- [PROVIDED RECORDS]
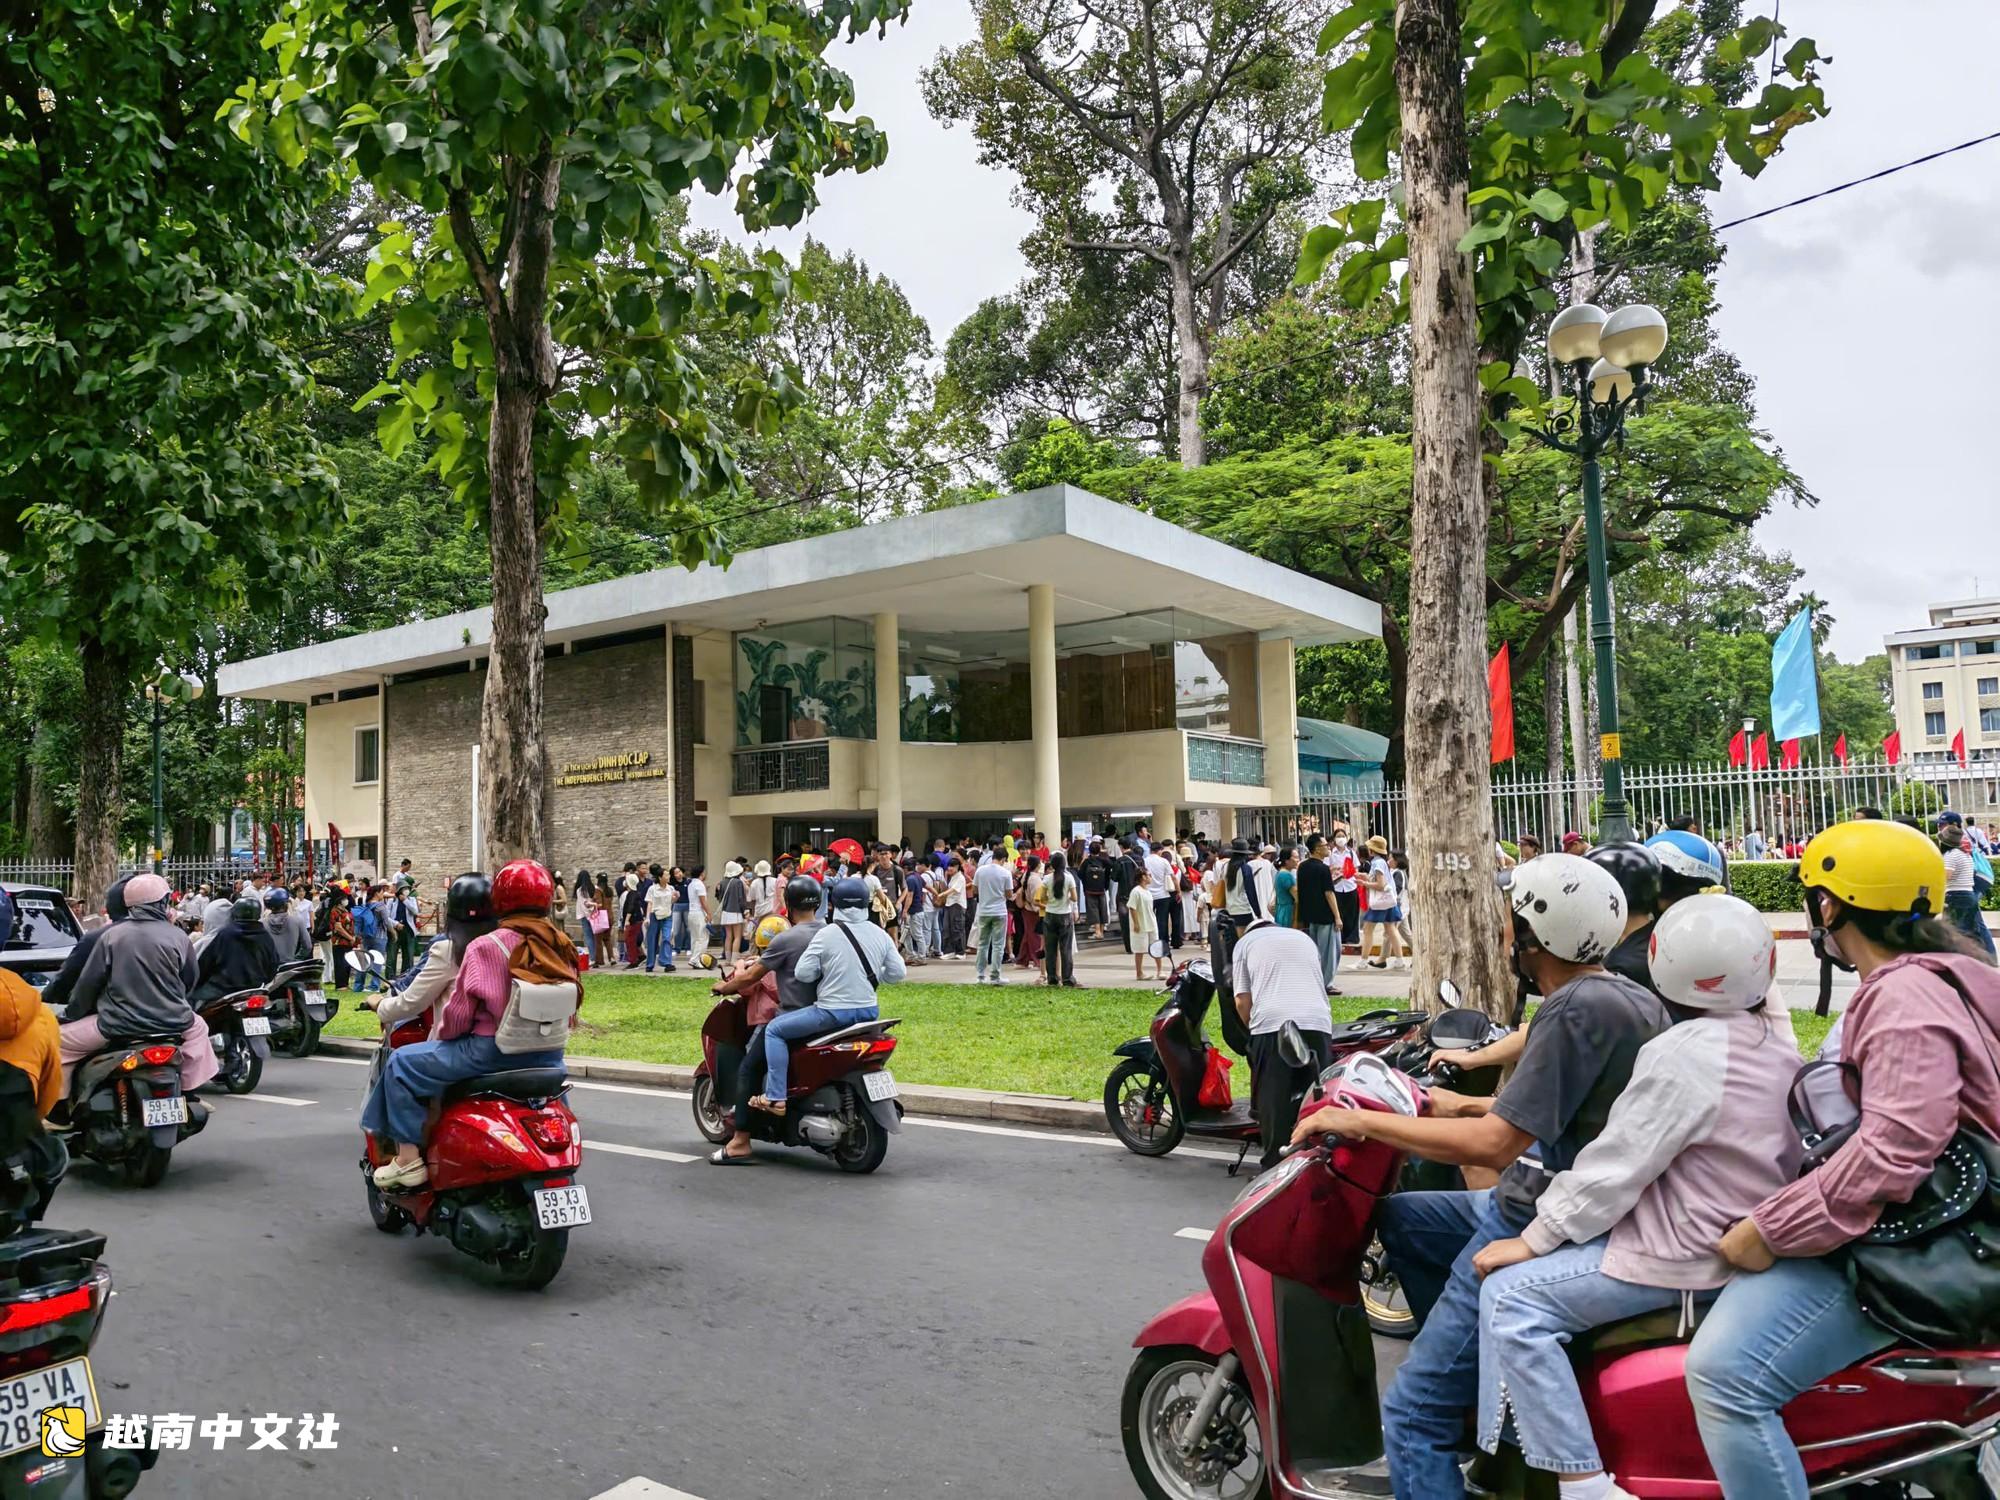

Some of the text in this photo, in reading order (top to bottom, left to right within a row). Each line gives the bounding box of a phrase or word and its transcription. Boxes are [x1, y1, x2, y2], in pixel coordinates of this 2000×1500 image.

[599, 755, 618, 769] DINH
[553, 775, 565, 787] THE
[564, 772, 604, 785] INDEPENDENCE
[604, 769, 624, 781] PALACE
[1434, 852, 1471, 870] 193
[149, 1099, 180, 1112] 59-TA
[542, 1189, 579, 1208] 59-X3
[541, 1205, 588, 1226] 535.78
[0, 1367, 76, 1415] 59-VA
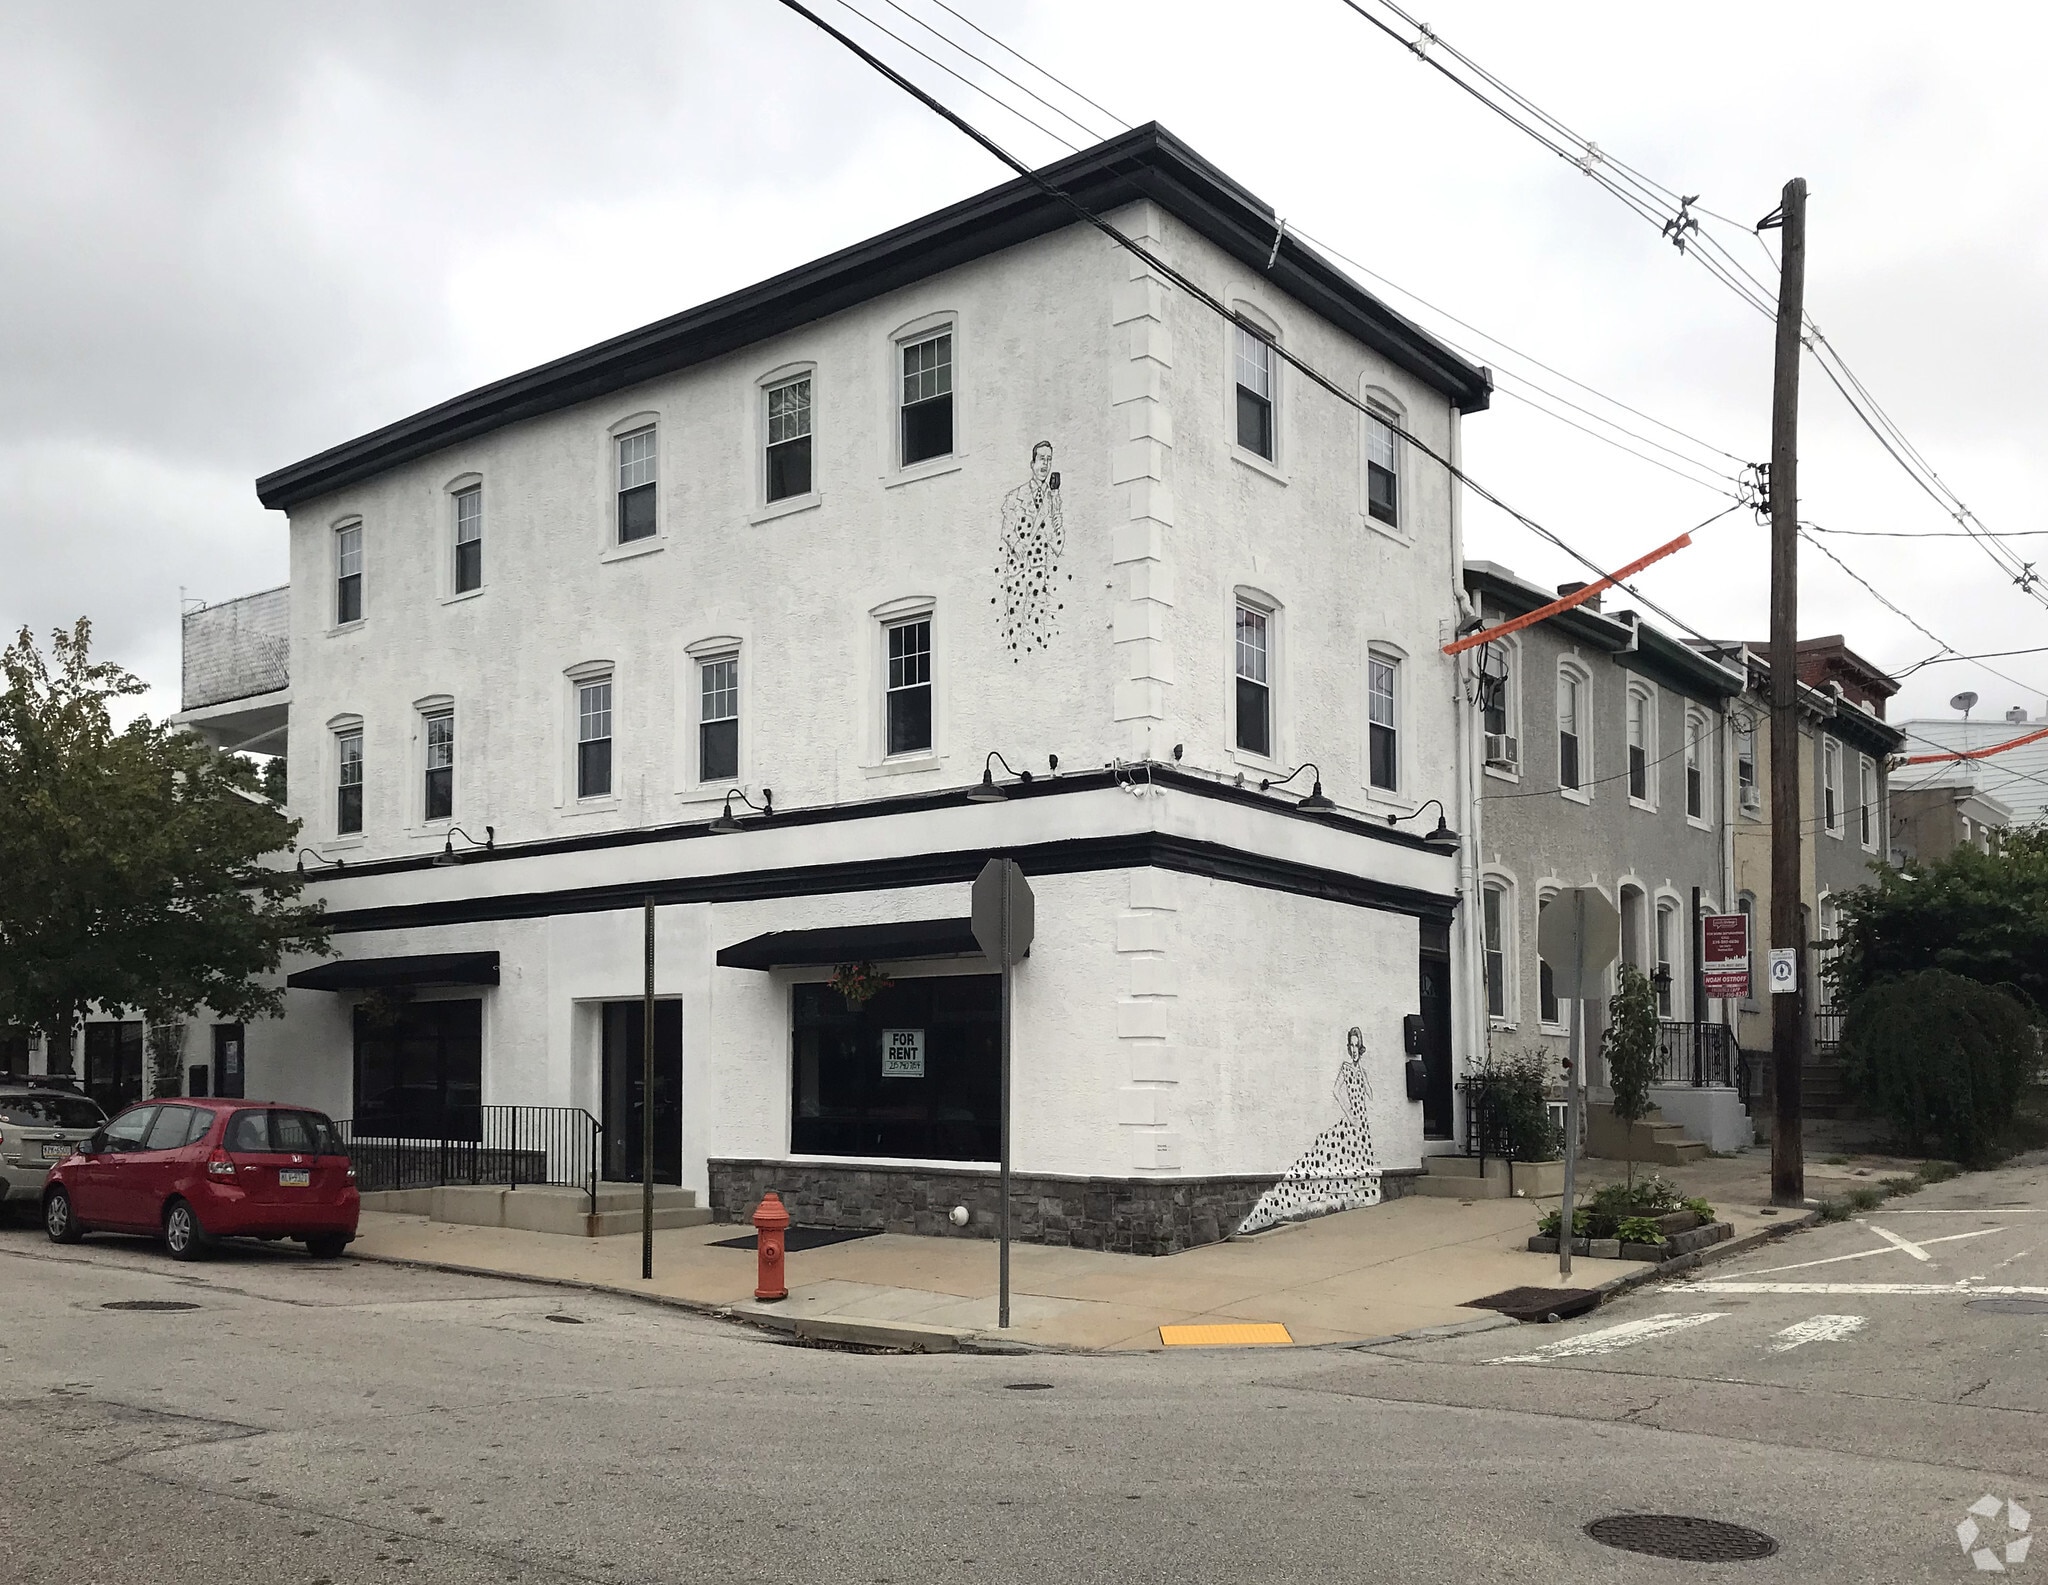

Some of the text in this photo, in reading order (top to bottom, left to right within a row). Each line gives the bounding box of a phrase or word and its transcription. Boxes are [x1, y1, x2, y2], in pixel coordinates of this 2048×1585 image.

- [EXERCISE REQUIREMENTS] If a record contains a picture, leave the picture out; repeat the record itself exactly.

- [EXERCISE OUTPUT]
Some of the text in this photo, in reading order (top to bottom, left to right within a row). Each line gives the bounding box of a phrase or word and its transcription. Boxes are [x1, y1, x2, y2], in pixel coordinates of this 2000×1500 image.

[599, 755, 618, 769] DINH
[553, 775, 565, 787] THE
[564, 772, 604, 785] INDEPENDENCE
[604, 769, 624, 781] PALACE
[1434, 852, 1471, 870] 193
[149, 1099, 180, 1112] 59-TA
[542, 1189, 579, 1208] 59-X3
[541, 1205, 588, 1226] 535.78
[0, 1367, 76, 1415] 59-VA

Some of the text in this photo, in reading order (top to bottom, left to right within a row). Each line gives the bounding box of a phrase or word and its transcription. Boxes are [x1, y1, x2, y2], in pixel coordinates of this 2048×1585 image.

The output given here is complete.